• [AIM OF THE TASK]
Verbatim copy, images excluded: write out each record shown below.

• [TASK DATA]
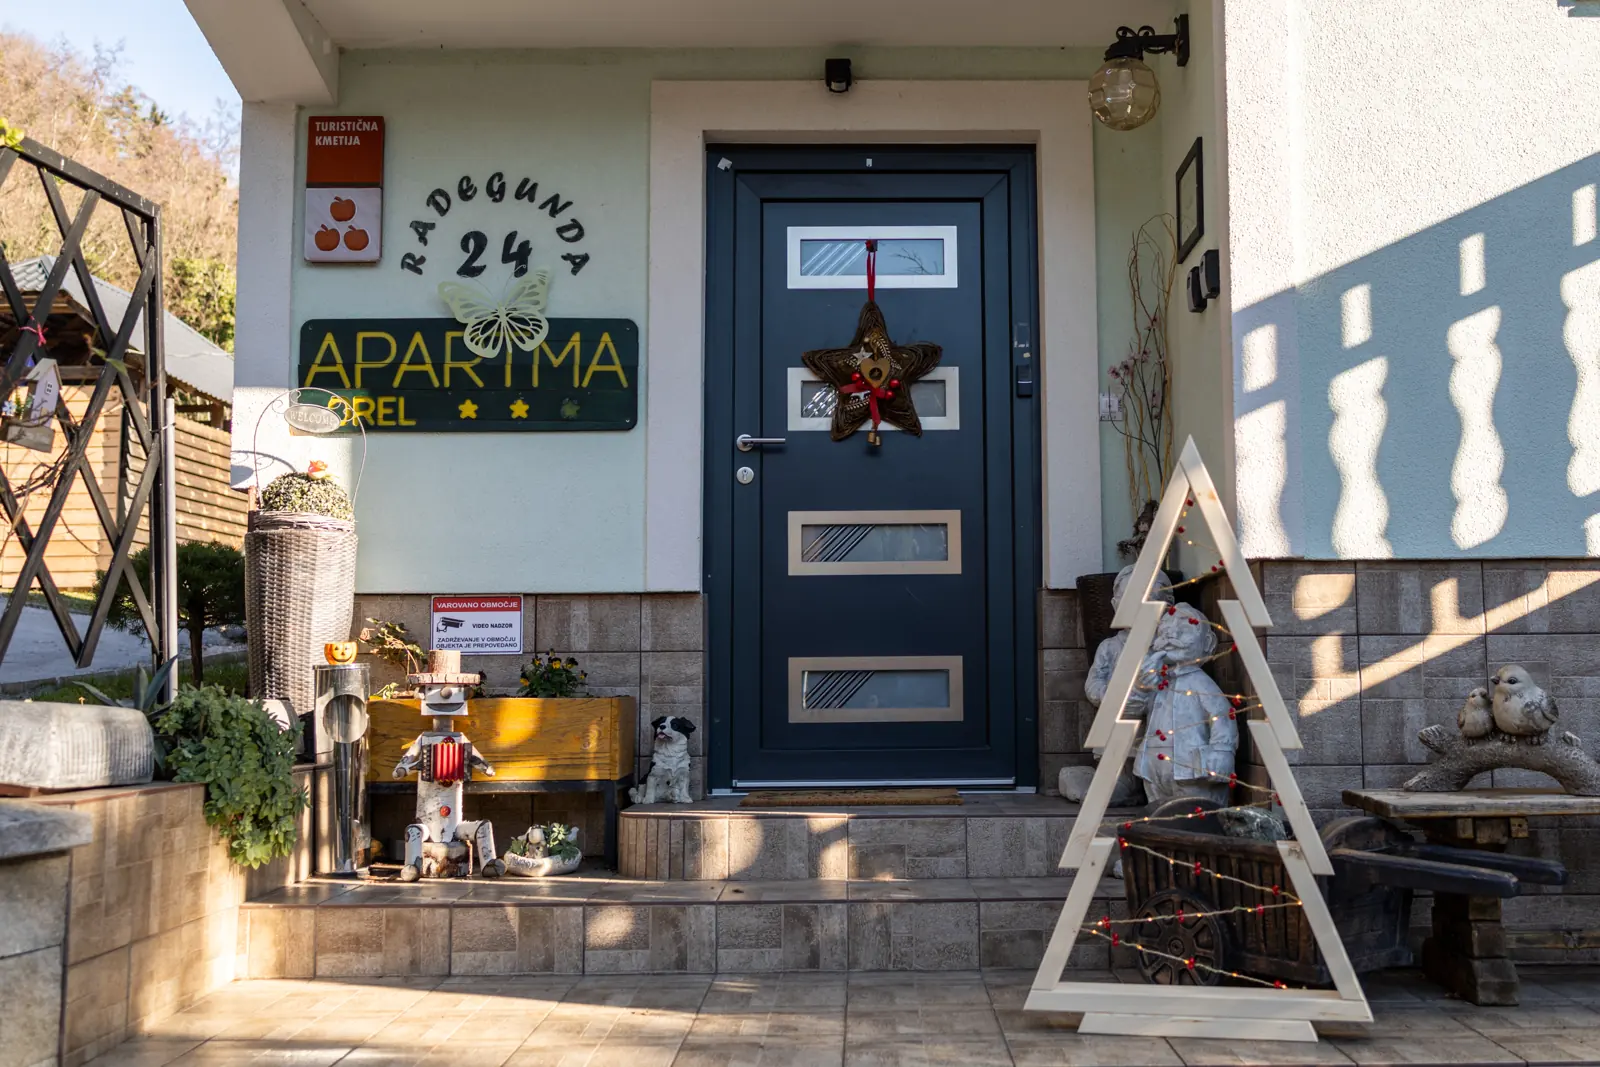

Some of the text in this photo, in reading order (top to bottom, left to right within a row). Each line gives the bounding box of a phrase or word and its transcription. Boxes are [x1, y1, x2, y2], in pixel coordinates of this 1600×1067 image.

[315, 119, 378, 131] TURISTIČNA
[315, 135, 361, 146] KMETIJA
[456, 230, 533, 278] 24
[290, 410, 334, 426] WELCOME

• [RESPONSE]
Some of the text in this photo, in reading order (top to bottom, left to right within a row). Each line gives the bounding box of a phrase or word and its transcription. Boxes are [x1, y1, x2, y2], in pixel coordinates of this 1600×1067 image.

[315, 119, 378, 131] TURISTIČNA
[315, 135, 361, 146] KMETIJA
[456, 230, 533, 278] 24
[290, 410, 334, 426] WELCOME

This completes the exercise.